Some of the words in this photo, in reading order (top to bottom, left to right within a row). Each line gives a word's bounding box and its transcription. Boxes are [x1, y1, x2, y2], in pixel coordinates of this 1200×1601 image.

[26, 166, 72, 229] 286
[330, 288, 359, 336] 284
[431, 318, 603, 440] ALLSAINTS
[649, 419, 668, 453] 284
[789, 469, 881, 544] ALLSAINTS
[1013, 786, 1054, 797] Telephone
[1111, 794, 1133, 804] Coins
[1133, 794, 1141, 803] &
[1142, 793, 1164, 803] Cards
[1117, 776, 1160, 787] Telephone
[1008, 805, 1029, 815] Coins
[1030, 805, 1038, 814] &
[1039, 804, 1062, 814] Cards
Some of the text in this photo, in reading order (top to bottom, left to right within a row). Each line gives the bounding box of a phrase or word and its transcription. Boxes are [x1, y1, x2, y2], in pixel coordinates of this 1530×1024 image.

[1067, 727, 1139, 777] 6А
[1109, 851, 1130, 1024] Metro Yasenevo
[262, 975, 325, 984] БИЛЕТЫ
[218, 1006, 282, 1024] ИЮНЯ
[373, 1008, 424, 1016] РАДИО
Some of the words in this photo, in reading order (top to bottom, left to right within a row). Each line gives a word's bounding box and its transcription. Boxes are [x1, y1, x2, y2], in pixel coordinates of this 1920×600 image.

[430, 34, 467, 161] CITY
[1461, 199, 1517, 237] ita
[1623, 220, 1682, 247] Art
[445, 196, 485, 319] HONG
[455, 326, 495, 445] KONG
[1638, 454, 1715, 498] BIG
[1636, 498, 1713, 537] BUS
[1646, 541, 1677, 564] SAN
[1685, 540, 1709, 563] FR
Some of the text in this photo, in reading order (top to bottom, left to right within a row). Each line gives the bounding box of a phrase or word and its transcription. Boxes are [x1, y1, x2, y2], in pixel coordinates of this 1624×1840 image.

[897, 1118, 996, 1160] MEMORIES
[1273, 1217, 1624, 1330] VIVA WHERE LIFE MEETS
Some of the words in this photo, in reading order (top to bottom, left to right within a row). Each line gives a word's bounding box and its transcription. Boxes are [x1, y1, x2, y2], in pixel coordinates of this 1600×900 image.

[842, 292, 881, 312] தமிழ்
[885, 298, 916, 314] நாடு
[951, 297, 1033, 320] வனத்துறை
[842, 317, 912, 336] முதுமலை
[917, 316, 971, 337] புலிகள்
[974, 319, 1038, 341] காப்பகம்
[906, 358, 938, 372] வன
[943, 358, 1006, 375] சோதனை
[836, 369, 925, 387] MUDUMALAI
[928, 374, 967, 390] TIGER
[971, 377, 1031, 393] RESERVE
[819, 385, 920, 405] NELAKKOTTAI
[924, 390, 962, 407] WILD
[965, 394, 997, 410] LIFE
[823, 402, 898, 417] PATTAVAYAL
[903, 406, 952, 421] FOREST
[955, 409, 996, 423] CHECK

* Exercise instructions:
Copy out the lines starting at the one containing "this 1920×600 image." and ending with the last line of the entries. Include nothing else.

* Exercise solution:
Some of the words in this photo, in reading order (top to bottom, left to right within a row). Each line gives a word's bounding box and its transcription. Boxes are [x1, y1, x2, y2], in pixel coordinates of this 1920×600 image.

[430, 34, 467, 161] CITY
[1461, 199, 1517, 237] ita
[1623, 220, 1682, 247] Art
[445, 196, 485, 319] HONG
[455, 326, 495, 445] KONG
[1638, 454, 1715, 498] BIG
[1636, 498, 1713, 537] BUS
[1646, 541, 1677, 564] SAN
[1685, 540, 1709, 563] FR
Some of the text in this photo, in reading order (top to bottom, left to right within a row). Each line gives the bounding box of a phrase or word and its transcription. Boxes are [x1, y1, x2, y2], in pixel coordinates of this 1624×1840 image.

[897, 1118, 996, 1160] MEMORIES
[1273, 1217, 1624, 1330] VIVA WHERE LIFE MEETS
Some of the words in this photo, in reading order (top to bottom, left to right within a row). Each line gives a word's bounding box and its transcription. Boxes are [x1, y1, x2, y2], in pixel coordinates of this 1600×900 image.

[842, 292, 881, 312] தமிழ்
[885, 298, 916, 314] நாடு
[951, 297, 1033, 320] வனத்துறை
[842, 317, 912, 336] முதுமலை
[917, 316, 971, 337] புலிகள்
[974, 319, 1038, 341] காப்பகம்
[906, 358, 938, 372] வன
[943, 358, 1006, 375] சோதனை
[836, 369, 925, 387] MUDUMALAI
[928, 374, 967, 390] TIGER
[971, 377, 1031, 393] RESERVE
[819, 385, 920, 405] NELAKKOTTAI
[924, 390, 962, 407] WILD
[965, 394, 997, 410] LIFE
[823, 402, 898, 417] PATTAVAYAL
[903, 406, 952, 421] FOREST
[955, 409, 996, 423] CHECK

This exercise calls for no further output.